## [EXERCISE PROMPT]
Give back the full set of entries exactly, keeping each line intact.

BEGIN EXTRACTED RECORDS

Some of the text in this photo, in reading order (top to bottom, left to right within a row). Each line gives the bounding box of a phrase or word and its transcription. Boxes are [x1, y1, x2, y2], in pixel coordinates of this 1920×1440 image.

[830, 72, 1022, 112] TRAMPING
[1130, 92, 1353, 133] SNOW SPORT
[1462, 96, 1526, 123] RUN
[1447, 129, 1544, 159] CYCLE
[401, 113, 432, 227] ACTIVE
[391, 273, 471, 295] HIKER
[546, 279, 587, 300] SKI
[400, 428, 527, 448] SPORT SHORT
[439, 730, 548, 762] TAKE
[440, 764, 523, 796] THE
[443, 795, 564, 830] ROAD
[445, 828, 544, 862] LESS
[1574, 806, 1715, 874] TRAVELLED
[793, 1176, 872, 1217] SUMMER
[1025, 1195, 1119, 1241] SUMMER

END EXTRACTED RECORDS

## [COMPLETED EXERCISE]
Some of the text in this photo, in reading order (top to bottom, left to right within a row). Each line gives the bounding box of a phrase or word and its transcription. Boxes are [x1, y1, x2, y2], in pixel coordinates of this 1920×1440 image.

[830, 72, 1022, 112] TRAMPING
[1130, 92, 1353, 133] SNOW SPORT
[1462, 96, 1526, 123] RUN
[1447, 129, 1544, 159] CYCLE
[401, 113, 432, 227] ACTIVE
[391, 273, 471, 295] HIKER
[546, 279, 587, 300] SKI
[400, 428, 527, 448] SPORT SHORT
[439, 730, 548, 762] TAKE
[440, 764, 523, 796] THE
[443, 795, 564, 830] ROAD
[445, 828, 544, 862] LESS
[1574, 806, 1715, 874] TRAVELLED
[793, 1176, 872, 1217] SUMMER
[1025, 1195, 1119, 1241] SUMMER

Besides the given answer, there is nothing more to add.